I acknowledge that I have read the

foregoing Incentive Stock Option Agreement

and understand the contents thereof.]

 

 

3  A spouse’s consent is required only if the Optionee’s state of residence is one of the following community property states: Arizona, California, Idaho, Louisiana, New Mexico, Nevada, Texas, Washington and Wisconsin (check WI statute).


Appendix A

Stock Option Exercise Notice

K2M, Inc.

Attention: Chief Financial Officer

751 Miller Dr. SE, Suite F-1

Leesburg, VA 20175

Pursuant to the terms of my stock option agreement dated            (the “Agreement”) under the K2M, Inc. (“K2M”) Amended and Restated 2006 Stock Option and Grant Plan, I,            , hereby [Circle One] partially/fully exercise such option by including herein payment in the amount of $             representing the purchase price for [Fill in number of shares]             shares of K2M common stock (the “Option Shares”).
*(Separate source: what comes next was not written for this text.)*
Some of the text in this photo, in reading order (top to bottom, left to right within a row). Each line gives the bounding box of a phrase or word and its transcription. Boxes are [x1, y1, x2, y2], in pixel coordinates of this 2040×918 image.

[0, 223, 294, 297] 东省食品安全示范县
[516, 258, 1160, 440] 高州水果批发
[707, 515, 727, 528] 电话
I have chosen the following form(s) of payment:

 

[    ]    1.    Cash
[    ]    2.    Certified or bank check payable to K2M, Inc.
[    ]    3.    Other (as described in the Agreement (please describe))
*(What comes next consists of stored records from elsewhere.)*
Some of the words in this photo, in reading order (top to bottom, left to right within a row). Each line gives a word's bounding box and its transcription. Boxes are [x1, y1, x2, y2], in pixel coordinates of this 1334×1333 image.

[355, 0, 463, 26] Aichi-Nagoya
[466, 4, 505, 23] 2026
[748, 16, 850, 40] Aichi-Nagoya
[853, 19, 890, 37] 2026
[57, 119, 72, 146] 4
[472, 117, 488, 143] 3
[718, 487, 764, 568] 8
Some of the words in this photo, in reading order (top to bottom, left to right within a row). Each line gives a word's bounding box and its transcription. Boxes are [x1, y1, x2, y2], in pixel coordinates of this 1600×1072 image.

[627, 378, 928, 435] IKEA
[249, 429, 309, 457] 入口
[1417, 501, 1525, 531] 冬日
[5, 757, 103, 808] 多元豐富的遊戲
In connection with my exercise of the option as set forth above, I hereby represent and warrant to K2M as follows:

(i) I am purchasing the Option Shares for my own account for investment only and not for the interest of any other person, and not for resale or with a view to the distribution thereof.

(ii) I have had such an opportunity as I have deemed adequate to obtain from K2M such information as is necessary to permit me to evaluate the merits and risks of my investment in K2M. I further represent and covenant to K2M that I have consulted with my own advisers with respect to my investment in K2M.
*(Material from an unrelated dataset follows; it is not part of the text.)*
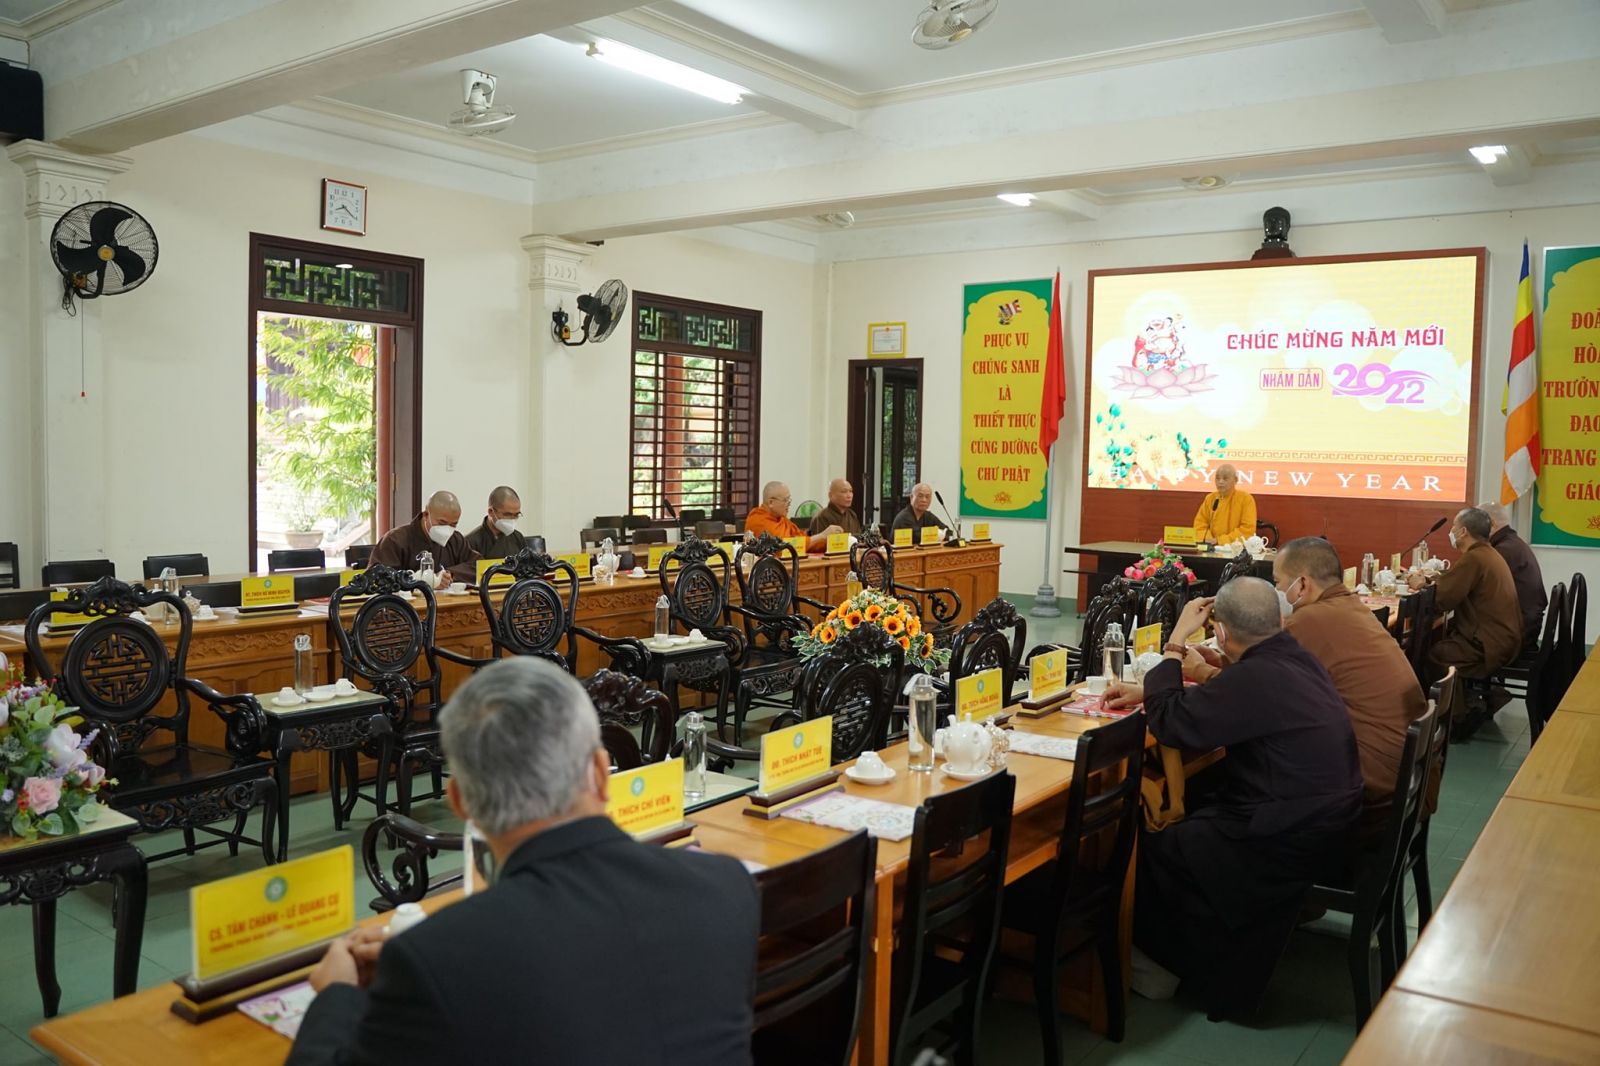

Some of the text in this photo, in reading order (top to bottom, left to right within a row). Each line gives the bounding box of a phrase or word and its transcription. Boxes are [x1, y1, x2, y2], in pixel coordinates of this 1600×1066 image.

(iii) I understand that to enforce the restrictions on the Option Shares K2M will retain the certificates for shares and will maintain a stock power in blank at K2M’s headquarters.

(iv) I have sufficient experience in business, financial and investment matters to be able to evaluate the risks involved in the purchase of the option shares and to make an informed investment decision with respect to such purchase.

(v) I understand that the Option Shares may not appreciate in value and may not decrease in value. I recognize that holding the Option Shares involves certain risks, in that among other factors: (1) the successful operation of K2M may depend on factors beyond the control of the management of K2M; and (2) there are substantial restrictions on the transferability of, and there will be no public market for, the Option Shares, and accordingly, it may not be possible for me to liquidate my investment in the Option Shares in case of the imminent need of funds or any other emergency.


(vi) I can afford a complete loss of the value of the option shares and am able to bear the economic risk of holding such option shares for an indefinite period of time.

(vii) I acknowledge that if I am a current or former employee, K2M’s obligation to honor this Notice of Exercise and issue Option Shares is subject to my delivery to K2M of sufficient funds to enable K2M to comply with applicable tax withholding requirements.

(viii) I understand that the option shares may not be registered under the Securities Act of 1933 (it being understood that the option shares are being issued and sold in reliance on the exemption provided in Rule 701 thereunder) or any applicable state securities or “blue sky” laws and may not be sold or otherwise transferred or disposed of in the absence of an effective registration statement under the Securities Act of 1933 and under any applicable state securities or “blue sky” laws (or exemptions from the registration requirement thereof). I further acknowledge that certificates representing option shares will bear restrictive legends reflecting the foregoing. I understand that no federal or state agency has passed on or made any recommendations or endorsements with respect to the acquisition of the Option Shares.